Après la sortie médiatique controversée du général Sylvain Ekenge, porte-parole des FARDC, le gouvernement congolais installe un mécanisme inédit de contrôle de la communication officielle. Entre vigilance stratégique et responsabilité républicaine, la parole publique se fait désormais filtre et garde-fou, au nom de l’unité et de la cohésion nationale.
La voix militaire encadrée
La tempête est née d’un mot mal pesé, d’un propos jugé stigmatisant envers les femmes tutsies. Le général Ekenge devient symbole d’un dérapage possible : l’armée, institution sacrée, ne doit pas franchir la ligne de la neutralité politique. Le président Félix Tshisekedi impose le recadrage : parole militaire et parole d’État ne peuvent se confondre.

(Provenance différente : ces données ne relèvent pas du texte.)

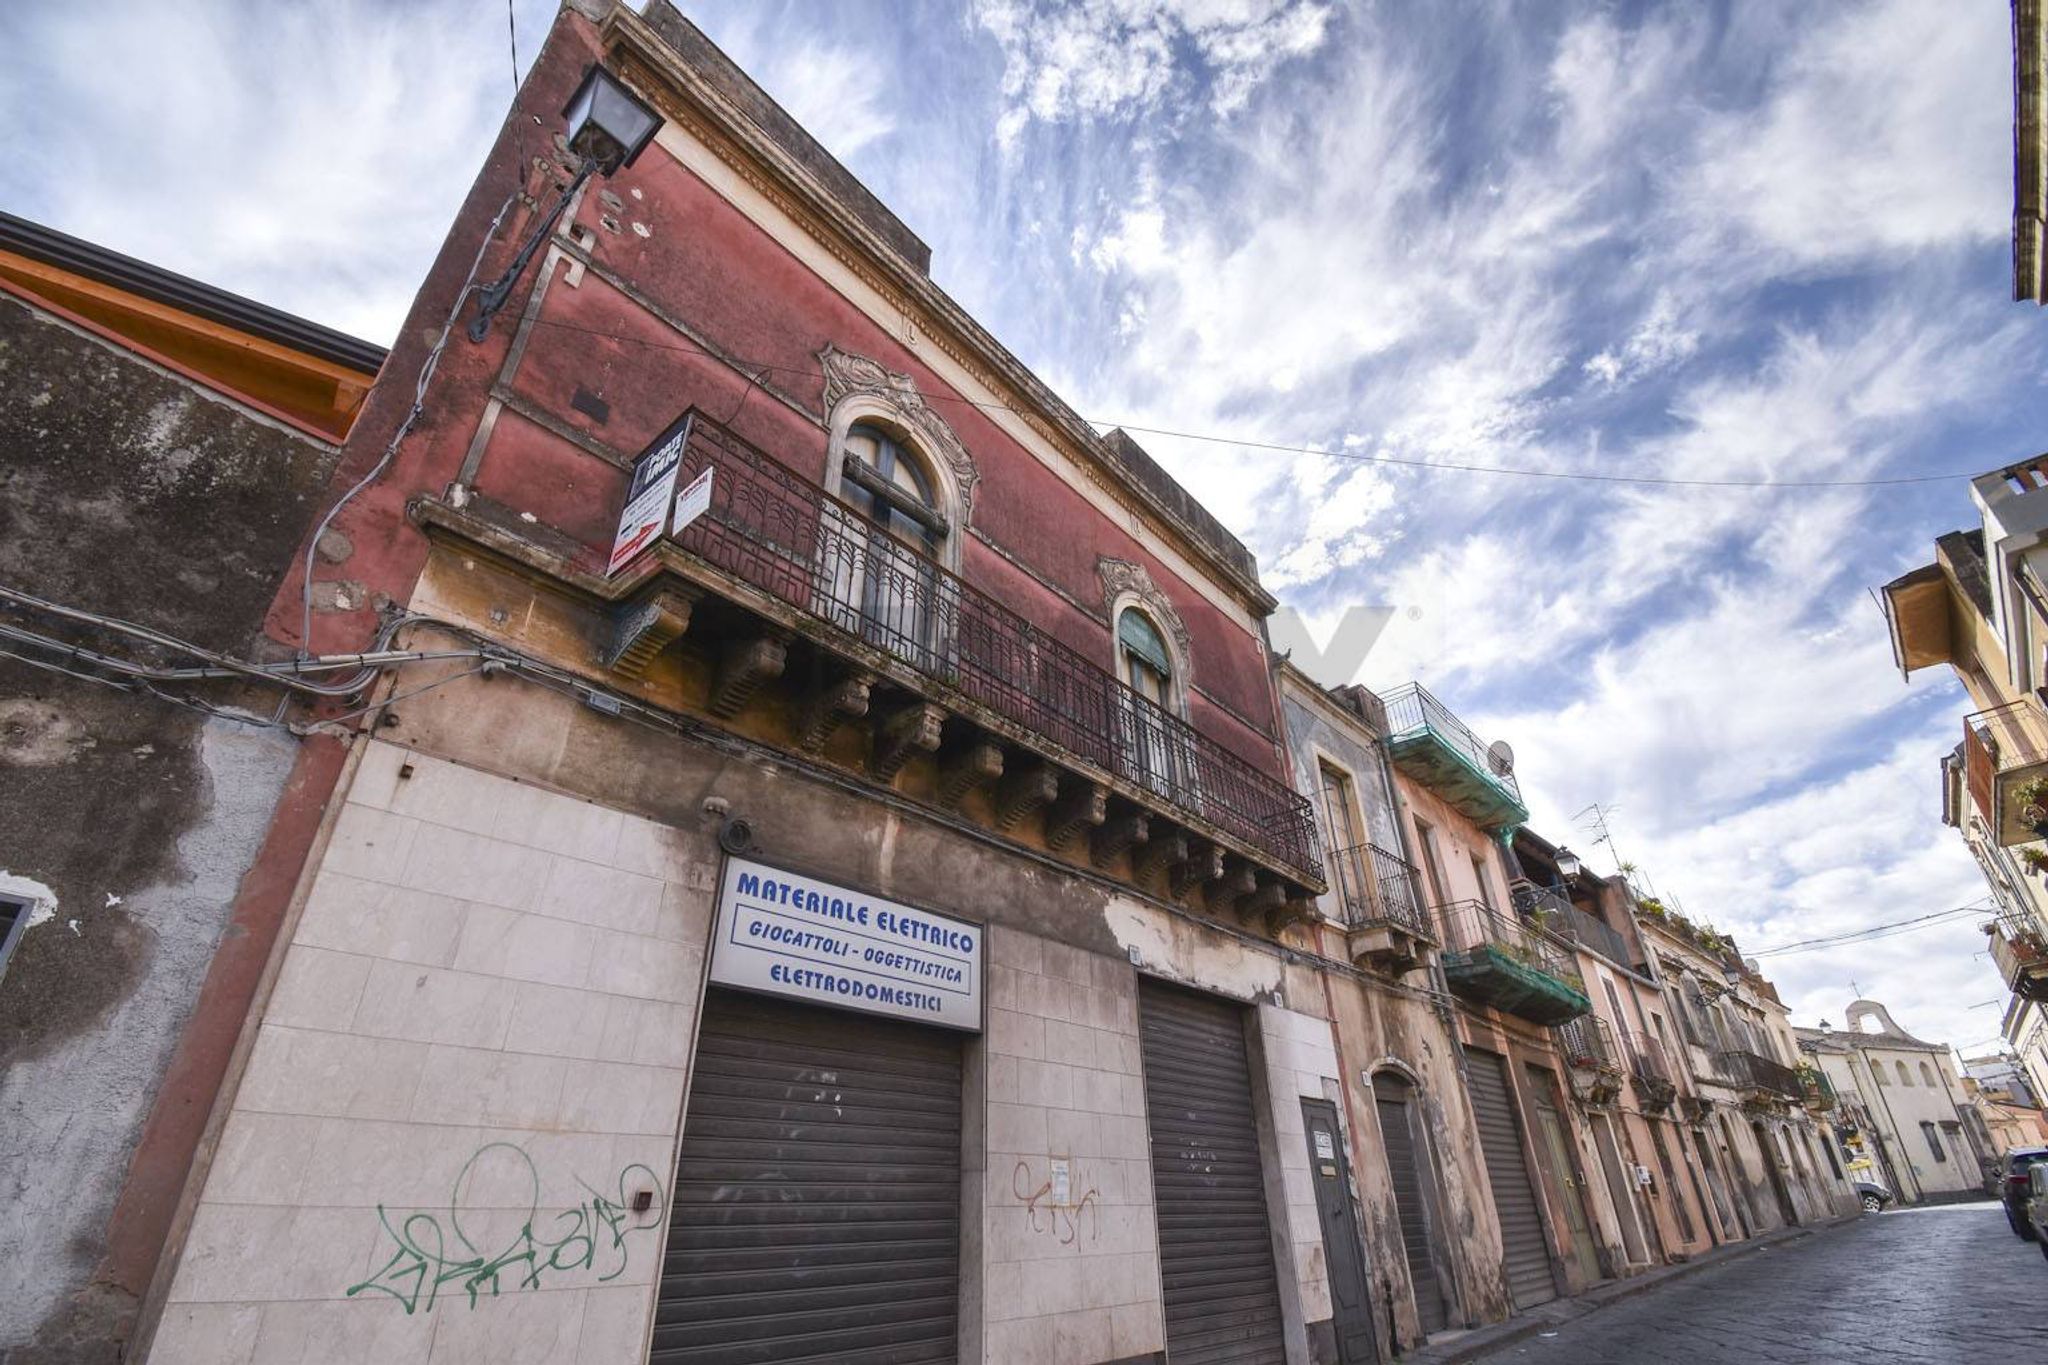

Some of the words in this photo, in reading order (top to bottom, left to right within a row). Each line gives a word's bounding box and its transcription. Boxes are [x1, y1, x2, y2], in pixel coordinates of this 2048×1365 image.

[736, 871, 869, 926] MATERIALE
[876, 911, 974, 954] ELETTRICO
[748, 920, 848, 957] GIOCATTOLI
[863, 947, 961, 983] OGGETTISTICA
[769, 963, 942, 1012] ELETTRODOMESTICI

Concertation et centralisation : la parole filtrée
Le nouveau dispositif associe le conseiller en communication de la présidence, la Primature, l’État-major des FARDC et la Police nationale. Toute communication sur la RTNC doit désormais être validée, anticipée, réfléchie. L’objectif est clair : prévenir les dérives, harmoniser les messages, protéger la crédibilité de l’État et la confiance du public.

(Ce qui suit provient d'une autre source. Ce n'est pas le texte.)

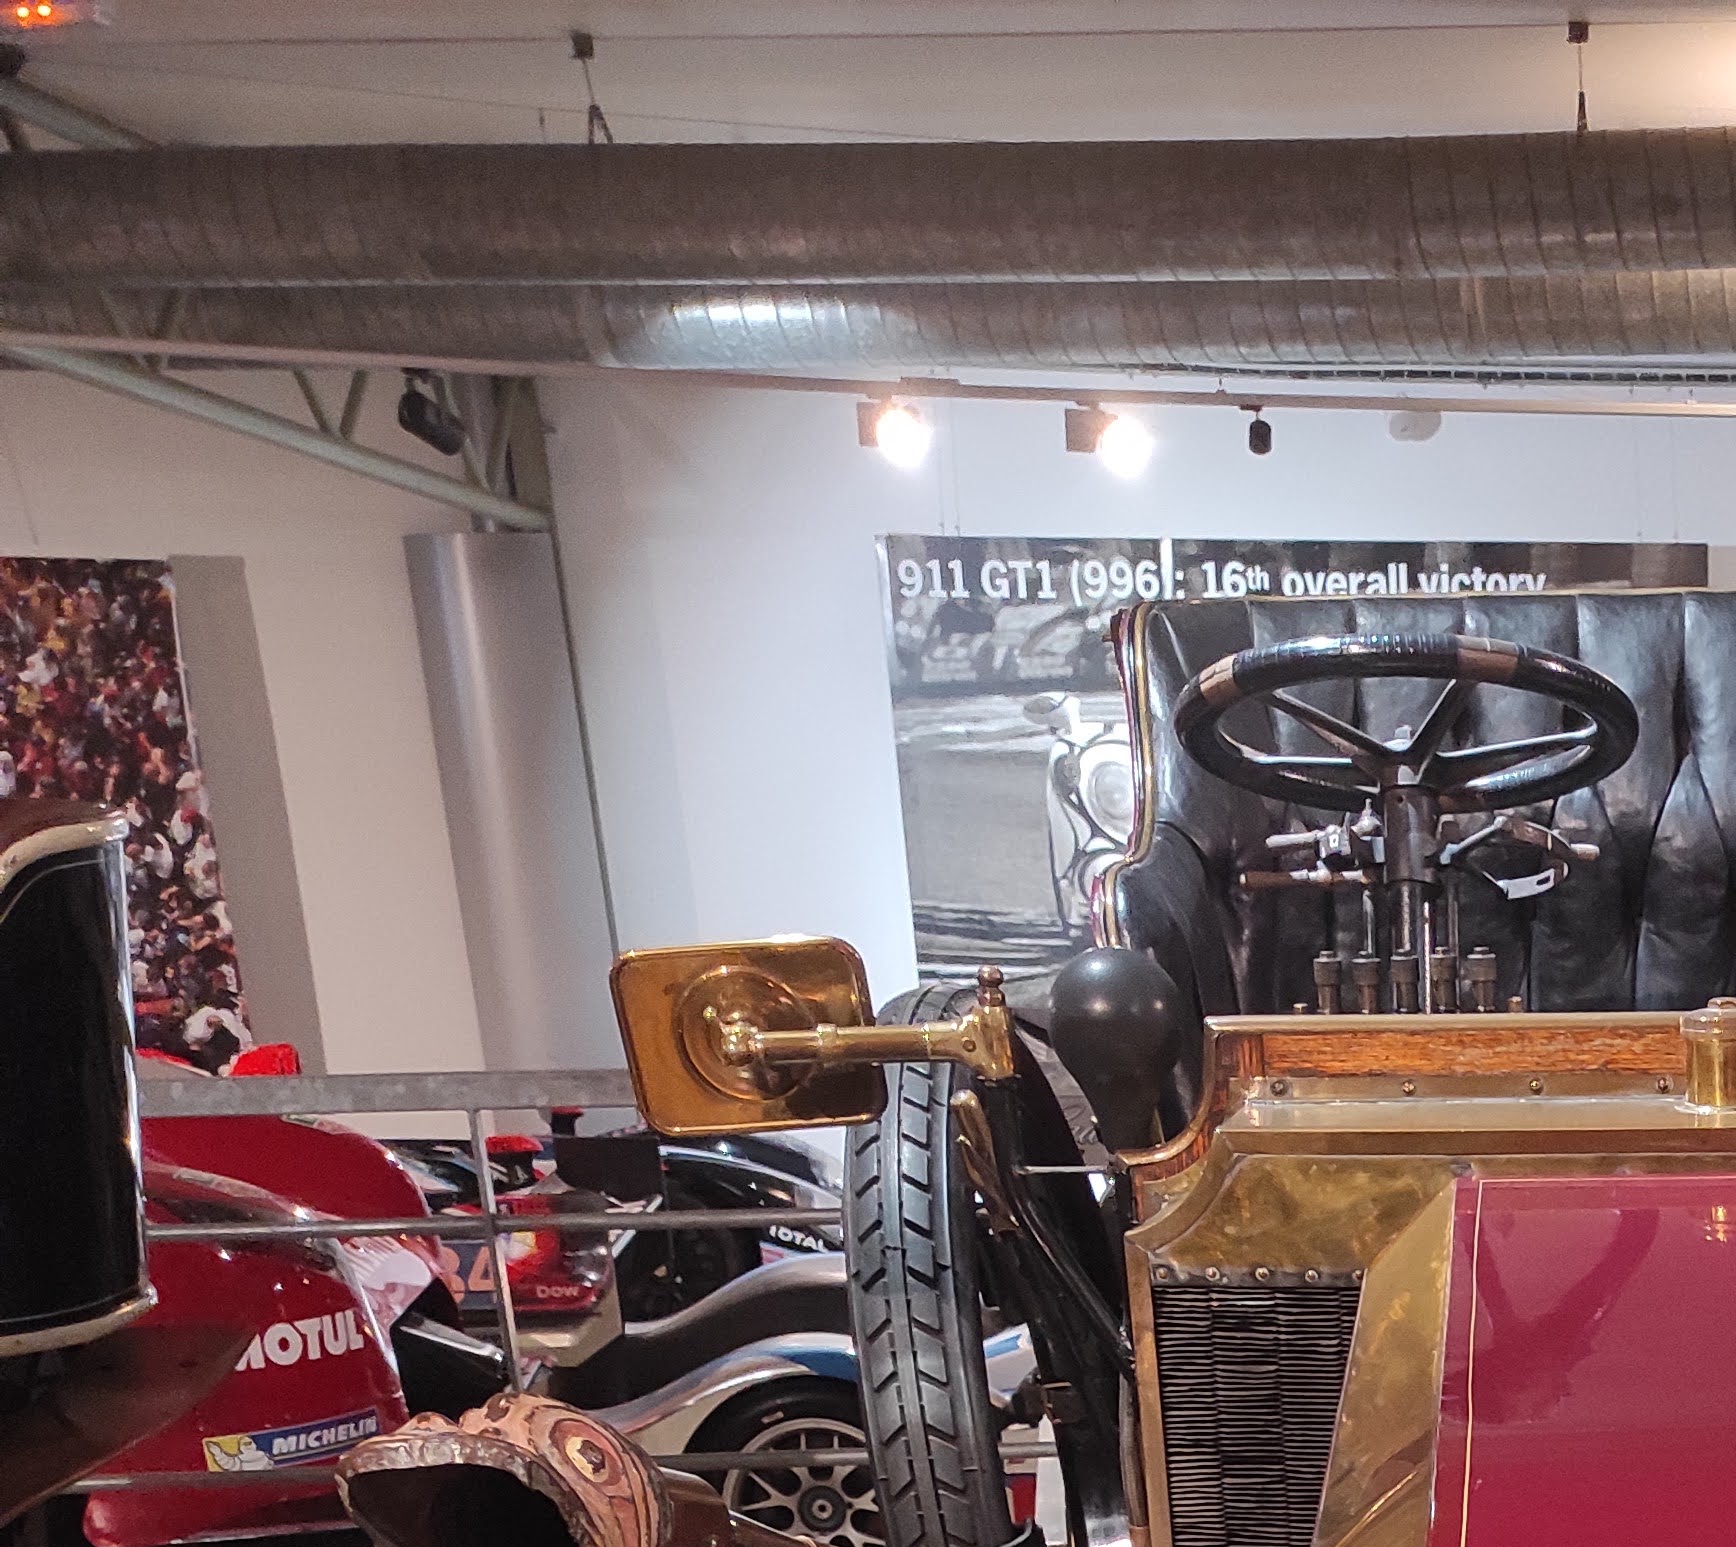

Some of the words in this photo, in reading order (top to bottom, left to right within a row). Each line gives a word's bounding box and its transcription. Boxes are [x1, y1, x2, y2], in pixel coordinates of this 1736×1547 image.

[898, 559, 969, 598] 911
[981, 559, 1057, 600] GT1
[1201, 560, 1271, 598] 16th
[1281, 563, 1408, 596] overall
[1417, 563, 1547, 593] victory
[536, 1285, 579, 1298] DOW
[272, 1416, 377, 1455] MICHELIN

Responsabilité et éthique au cœur du message
« La parole publique ne doit être ni émotionnelle ni improvisée », rappelle Tshisekedi. Au-delà de la réprimande, c’est une philosophie de gouvernance : chaque mot est un instrument, chaque phrase un maillon de cohésion. L’État sculpte sa voix, impose sa mesure et transforme la parole en acte de stabilité.